Given data =>
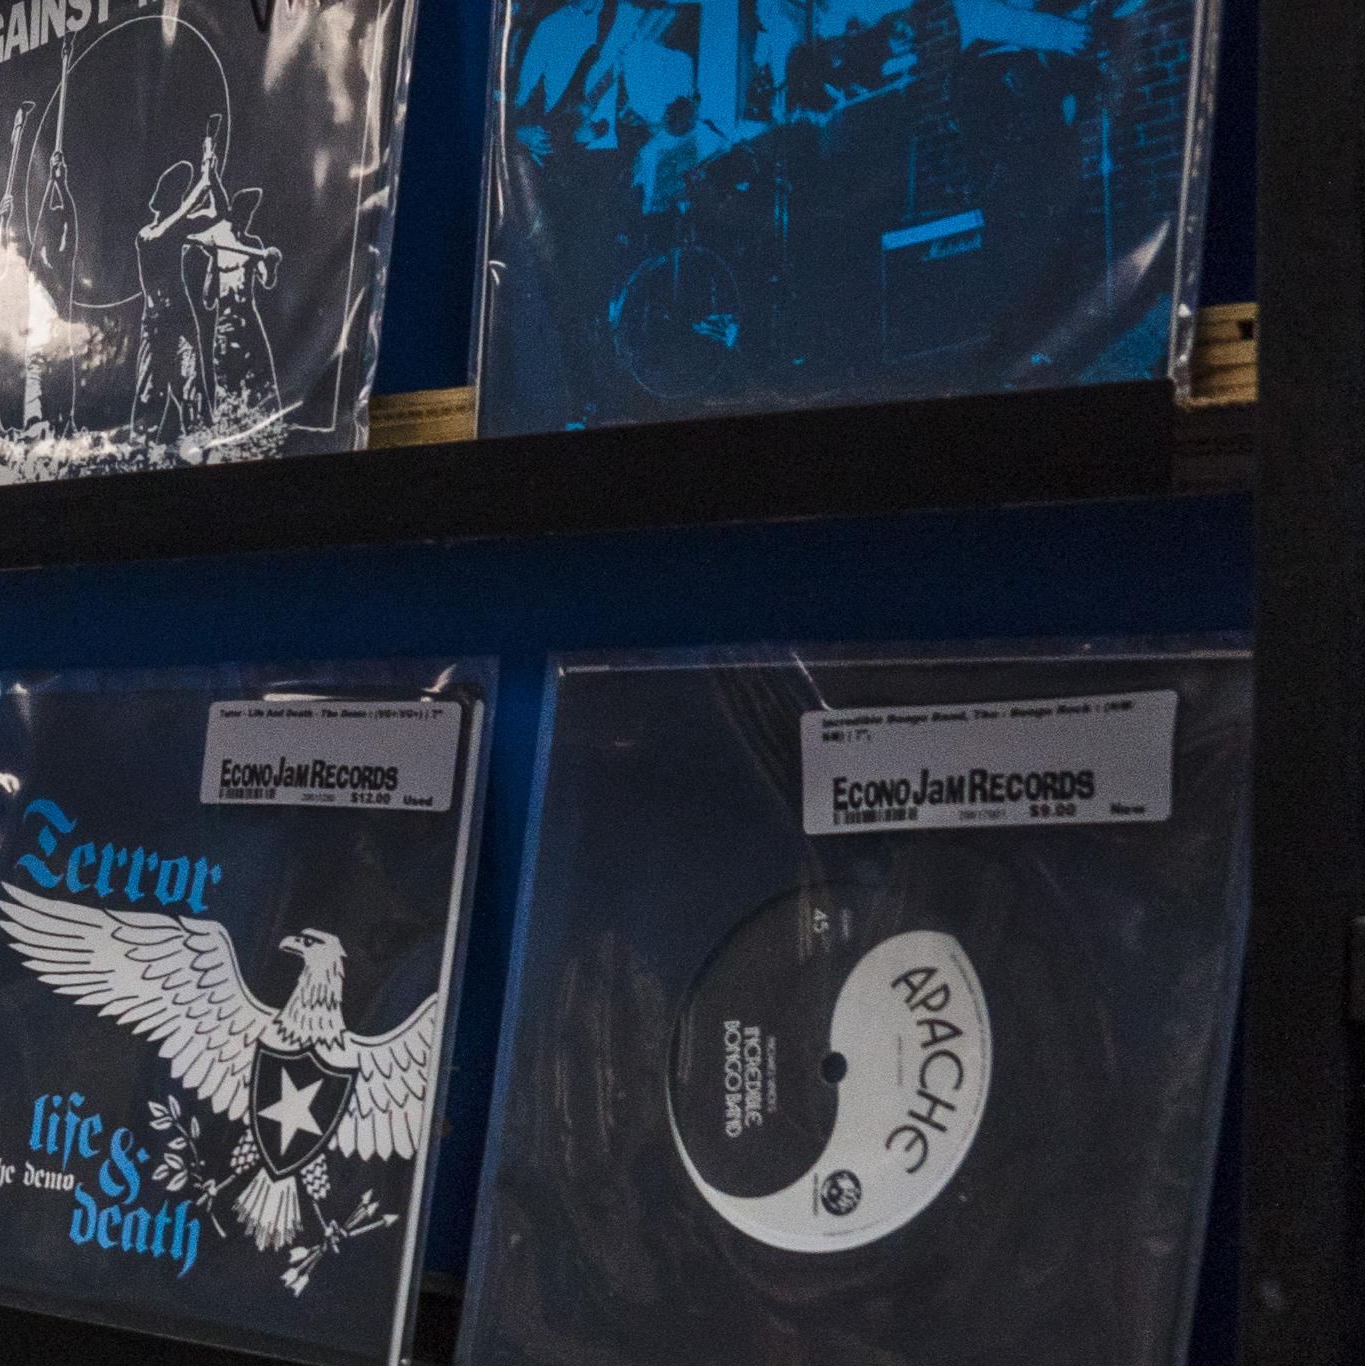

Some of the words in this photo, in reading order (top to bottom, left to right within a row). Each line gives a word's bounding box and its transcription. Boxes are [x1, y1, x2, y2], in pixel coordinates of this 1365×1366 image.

[351, 792, 391, 804] $12.00
[403, 794, 433, 807] Used
[1110, 803, 1147, 816] New
[16, 799, 222, 913] Terror
[723, 1020, 743, 1091] BONGO
[743, 1025, 763, 1128] INCREDIBLE
[885, 964, 965, 1175] APACHE
[29, 1091, 103, 1172] life
[98, 1126, 150, 1204] &
[22, 1163, 75, 1192] demo
[68, 1182, 200, 1280] death
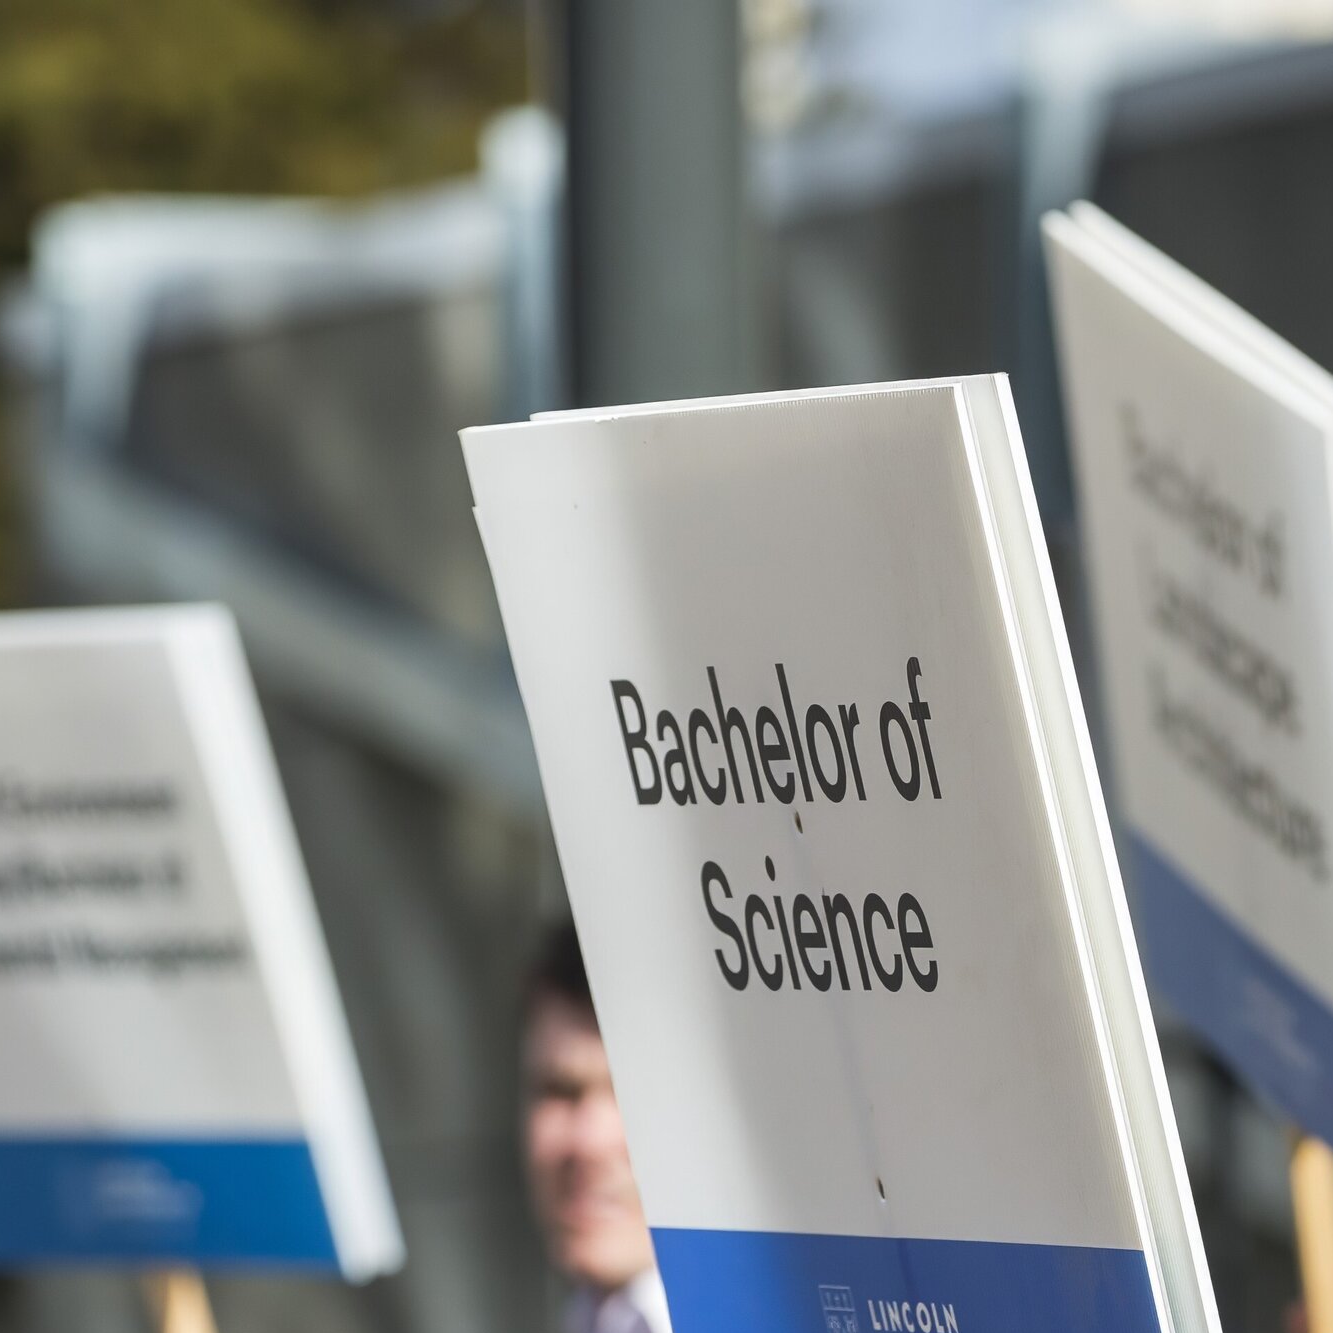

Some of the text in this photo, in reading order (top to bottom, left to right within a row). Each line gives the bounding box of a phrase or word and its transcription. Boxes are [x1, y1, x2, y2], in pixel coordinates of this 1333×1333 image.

[610, 656, 942, 806] Bachelor of
[701, 855, 938, 992] Science

Problem => Without the pictures, copy all of the entries exactly as they appear.

Answer box =>
Some of the words in this photo, in reading order (top to bottom, left to right within a row). Each line gives a word's bounding box and its transcription. Boxes are [x1, y1, x2, y2], in pixel coordinates of this 1365×1366 image.

[351, 792, 391, 804] $12.00
[403, 794, 433, 807] Used
[1110, 803, 1147, 816] New
[16, 799, 222, 913] Terror
[723, 1020, 743, 1091] BONGO
[743, 1025, 763, 1128] INCREDIBLE
[885, 964, 965, 1175] APACHE
[29, 1091, 103, 1172] life
[98, 1126, 150, 1204] &
[22, 1163, 75, 1192] demo
[68, 1182, 200, 1280] death

Some of the text in this photo, in reading order (top to bottom, left to right within a row). Each line gives the bounding box of a phrase or word and its transcription. Boxes are [x1, y1, x2, y2], in pixel coordinates of this 1333×1333 image.

[610, 656, 942, 806] Bachelor of
[701, 855, 938, 992] Science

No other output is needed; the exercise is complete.